**Problem statement**: Retype the entries in full, exactly.

Extracted data entries
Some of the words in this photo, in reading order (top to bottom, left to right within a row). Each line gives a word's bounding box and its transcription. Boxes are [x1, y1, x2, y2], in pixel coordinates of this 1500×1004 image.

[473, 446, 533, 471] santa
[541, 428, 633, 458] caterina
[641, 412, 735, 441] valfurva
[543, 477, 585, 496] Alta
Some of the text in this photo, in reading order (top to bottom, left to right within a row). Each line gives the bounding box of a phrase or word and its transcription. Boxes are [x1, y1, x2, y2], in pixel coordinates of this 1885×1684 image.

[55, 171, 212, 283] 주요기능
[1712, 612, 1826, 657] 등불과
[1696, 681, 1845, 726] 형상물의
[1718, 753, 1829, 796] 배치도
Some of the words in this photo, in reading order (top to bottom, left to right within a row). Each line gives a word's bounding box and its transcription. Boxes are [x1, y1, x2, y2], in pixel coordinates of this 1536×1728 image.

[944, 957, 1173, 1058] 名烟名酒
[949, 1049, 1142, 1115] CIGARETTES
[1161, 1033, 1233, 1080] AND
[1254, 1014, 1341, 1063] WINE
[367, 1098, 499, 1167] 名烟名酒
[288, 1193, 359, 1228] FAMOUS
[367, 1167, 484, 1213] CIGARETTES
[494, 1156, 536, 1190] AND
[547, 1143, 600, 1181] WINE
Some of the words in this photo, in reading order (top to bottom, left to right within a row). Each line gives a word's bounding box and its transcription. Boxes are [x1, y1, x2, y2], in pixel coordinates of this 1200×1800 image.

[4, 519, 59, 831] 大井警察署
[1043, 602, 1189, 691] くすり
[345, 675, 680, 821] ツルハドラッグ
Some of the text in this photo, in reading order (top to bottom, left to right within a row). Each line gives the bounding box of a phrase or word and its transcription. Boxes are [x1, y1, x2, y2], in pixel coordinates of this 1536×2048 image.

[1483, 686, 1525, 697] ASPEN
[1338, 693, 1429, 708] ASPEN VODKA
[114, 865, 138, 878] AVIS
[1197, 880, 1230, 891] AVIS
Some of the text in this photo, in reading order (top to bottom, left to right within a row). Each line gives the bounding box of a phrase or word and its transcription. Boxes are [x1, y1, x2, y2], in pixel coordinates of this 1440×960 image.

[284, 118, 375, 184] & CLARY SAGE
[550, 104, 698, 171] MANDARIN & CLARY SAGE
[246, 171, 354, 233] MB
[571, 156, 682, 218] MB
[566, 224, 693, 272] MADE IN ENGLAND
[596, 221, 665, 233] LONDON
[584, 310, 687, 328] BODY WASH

**Task output**:
Some of the words in this photo, in reading order (top to bottom, left to right within a row). Each line gives a word's bounding box and its transcription. Boxes are [x1, y1, x2, y2], in pixel coordinates of this 1500×1004 image.

[473, 446, 533, 471] santa
[541, 428, 633, 458] caterina
[641, 412, 735, 441] valfurva
[543, 477, 585, 496] Alta
Some of the text in this photo, in reading order (top to bottom, left to right within a row). Each line gives the bounding box of a phrase or word and its transcription. Boxes are [x1, y1, x2, y2], in pixel coordinates of this 1885×1684 image.

[55, 171, 212, 283] 주요기능
[1712, 612, 1826, 657] 등불과
[1696, 681, 1845, 726] 형상물의
[1718, 753, 1829, 796] 배치도
Some of the words in this photo, in reading order (top to bottom, left to right within a row). Each line gives a word's bounding box and its transcription. Boxes are [x1, y1, x2, y2], in pixel coordinates of this 1536×1728 image.

[944, 957, 1173, 1058] 名烟名酒
[949, 1049, 1142, 1115] CIGARETTES
[1161, 1033, 1233, 1080] AND
[1254, 1014, 1341, 1063] WINE
[367, 1098, 499, 1167] 名烟名酒
[288, 1193, 359, 1228] FAMOUS
[367, 1167, 484, 1213] CIGARETTES
[494, 1156, 536, 1190] AND
[547, 1143, 600, 1181] WINE
Some of the words in this photo, in reading order (top to bottom, left to right within a row). Each line gives a word's bounding box and its transcription. Boxes are [x1, y1, x2, y2], in pixel coordinates of this 1200×1800 image.

[4, 519, 59, 831] 大井警察署
[1043, 602, 1189, 691] くすり
[345, 675, 680, 821] ツルハドラッグ
Some of the text in this photo, in reading order (top to bottom, left to right within a row). Each line gives the bounding box of a phrase or word and its transcription. Boxes are [x1, y1, x2, y2], in pixel coordinates of this 1536×2048 image.

[1483, 686, 1525, 697] ASPEN
[1338, 693, 1429, 708] ASPEN VODKA
[114, 865, 138, 878] AVIS
[1197, 880, 1230, 891] AVIS
Some of the text in this photo, in reading order (top to bottom, left to right within a row). Each line gives the bounding box of a phrase or word and its transcription. Boxes are [x1, y1, x2, y2], in pixel coordinates of this 1440×960 image.

[284, 118, 375, 184] & CLARY SAGE
[550, 104, 698, 171] MANDARIN & CLARY SAGE
[246, 171, 354, 233] MB
[571, 156, 682, 218] MB
[566, 224, 693, 272] MADE IN ENGLAND
[596, 221, 665, 233] LONDON
[584, 310, 687, 328] BODY WASH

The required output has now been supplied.